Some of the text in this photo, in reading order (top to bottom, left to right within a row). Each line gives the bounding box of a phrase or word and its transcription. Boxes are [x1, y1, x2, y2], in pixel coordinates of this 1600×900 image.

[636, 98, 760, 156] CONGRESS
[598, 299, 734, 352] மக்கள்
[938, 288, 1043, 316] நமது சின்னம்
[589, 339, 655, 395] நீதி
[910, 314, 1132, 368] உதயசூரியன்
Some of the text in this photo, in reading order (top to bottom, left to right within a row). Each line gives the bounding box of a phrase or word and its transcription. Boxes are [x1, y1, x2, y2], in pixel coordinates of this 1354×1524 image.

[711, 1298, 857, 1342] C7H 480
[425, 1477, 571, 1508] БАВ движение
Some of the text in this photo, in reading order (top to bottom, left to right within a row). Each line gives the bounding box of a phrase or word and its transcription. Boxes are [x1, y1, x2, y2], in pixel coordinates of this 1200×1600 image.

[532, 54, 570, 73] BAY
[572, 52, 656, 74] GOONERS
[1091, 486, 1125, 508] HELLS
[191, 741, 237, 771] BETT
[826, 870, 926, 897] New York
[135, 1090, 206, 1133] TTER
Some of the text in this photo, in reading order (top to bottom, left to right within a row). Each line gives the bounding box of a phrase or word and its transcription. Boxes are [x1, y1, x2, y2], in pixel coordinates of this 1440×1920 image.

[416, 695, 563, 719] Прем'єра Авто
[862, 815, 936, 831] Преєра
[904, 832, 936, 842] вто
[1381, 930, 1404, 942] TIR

#### [Task requirements]
Word for word, restate the whole of the material above.

#### [Solution to this exercise]
Some of the text in this photo, in reading order (top to bottom, left to right within a row). Each line gives the bounding box of a phrase or word and its transcription. Boxes are [x1, y1, x2, y2], in pixel coordinates of this 1600×900 image.

[636, 98, 760, 156] CONGRESS
[598, 299, 734, 352] மக்கள்
[938, 288, 1043, 316] நமது சின்னம்
[589, 339, 655, 395] நீதி
[910, 314, 1132, 368] உதயசூரியன்
Some of the text in this photo, in reading order (top to bottom, left to right within a row). Each line gives the bounding box of a phrase or word and its transcription. Boxes are [x1, y1, x2, y2], in pixel coordinates of this 1354×1524 image.

[711, 1298, 857, 1342] C7H 480
[425, 1477, 571, 1508] БАВ движение
Some of the text in this photo, in reading order (top to bottom, left to right within a row). Each line gives the bounding box of a phrase or word and its transcription. Boxes are [x1, y1, x2, y2], in pixel coordinates of this 1200×1600 image.

[532, 54, 570, 73] BAY
[572, 52, 656, 74] GOONERS
[1091, 486, 1125, 508] HELLS
[191, 741, 237, 771] BETT
[826, 870, 926, 897] New York
[135, 1090, 206, 1133] TTER
Some of the text in this photo, in reading order (top to bottom, left to right within a row). Each line gives the bounding box of a phrase or word and its transcription. Boxes are [x1, y1, x2, y2], in pixel coordinates of this 1440×1920 image.

[416, 695, 563, 719] Прем'єра Авто
[862, 815, 936, 831] Преєра
[904, 832, 936, 842] вто
[1381, 930, 1404, 942] TIR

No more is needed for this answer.